Pursuant to Rule l2.1(b) of the Rules of Practice and Procedure (Rules), on September 24, 2010 the Joint Parties provided notice of a formal settlement conference to the service lists in these proceedings. Because of widespread interest in matters at issue in these proceedings, Joint Parties also provided notice of potential settlement to the service lists in R.03-10-003 (regarding community choice aggregation), R.07-05-025 (consideration of the lifting of the suspension of direct access), and R.08-06-024 (combined heat and power).8 The settlement conference was conducted on October 7, 2010. An overview of the Proposed Settlement was presented, and participants were able to ask questions and provide comments. Those that were interested in joining to support the Proposed Settlement were invited to do so.

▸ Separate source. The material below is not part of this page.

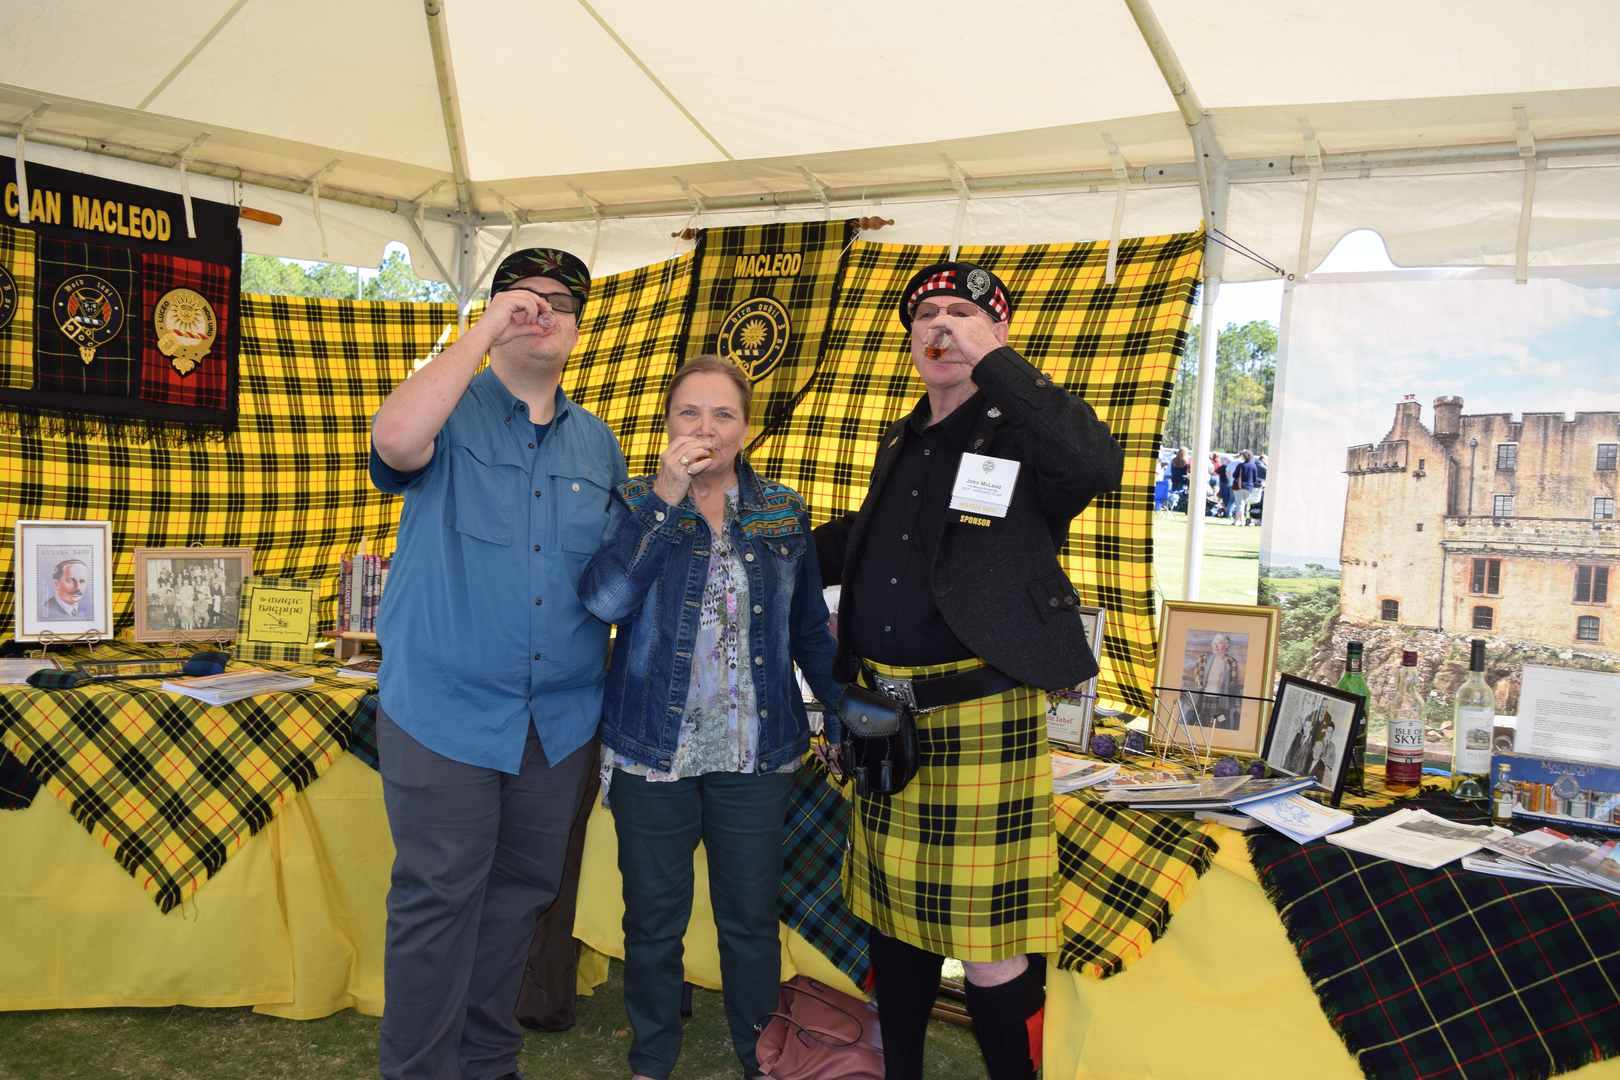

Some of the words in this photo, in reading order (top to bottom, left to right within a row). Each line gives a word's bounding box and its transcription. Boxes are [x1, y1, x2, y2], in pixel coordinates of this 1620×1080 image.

On October 8, 2010, after the settlement conference was completed and participants were given an opportunity to review and comment on the Proposed Settlement, Joint Parties filed a motion (Joint Motion) for approval of the "Qualifying Facility and Combined Heat and Power Program Settlement Agreement" (Proposed Settlement).

2.4. Procedural History

Concurrently with the filing of the Joint Motion, the Joint Parties filed a motion for expedited consideration of the Proposed Settlement. The assigned Administrative Law Judge (ALJ) granted the motion by ruling issued in these proceedings on October 11, 2010 (October 11 Ruling).9 Among other things, the time for filing comments on the Proposed Settlement was shortened from 30 days, as set forth in Rule 12.2, to October 25, 2010. The time for filing reply comments was shortened from 15 days, as set by Rule 12.2, to November 1, 2010. The October 11 Ruling also consolidated the proceedings for purposes of considering the Proposed Settlement. The ALJ also directed service of the October 11 Ruling on the service lists for the proceedings for which Joint Parties had served notice of the settlement conference, i.e., R.03-10-003, R.07-05-025, and R.08-06-024, and on registered electric service providers (ESPs) and community choice aggregators (CCAs). On October 12, 2010 the ALJ directed the Joint Parties to serve notice of the Joint Motion on registered ESPs and CCAs. Joint Parties complied with this directive on October 13, 2010.10

On October 19, 2010 the assigned Commissioner and the ALJ issued an amended scoping memo for the consolidated proceedings for purposes of considering the Proposed Settlement (Amended Scoping Memo).11 It provided that, with respect to consideration of the Proposed Settlement, the issues to be addressed in this proceeding are:

1. Whether the Proposed Settlement is reasonable in light of the whole record of these proceedings;

2. Whether the Proposed Settlement is consistent with the law;

3. Whether the Proposed Settlement is in the public interest;

4. Whether the Proposed Settlement should be approved, and if so whether it should be approved in its entirety without change.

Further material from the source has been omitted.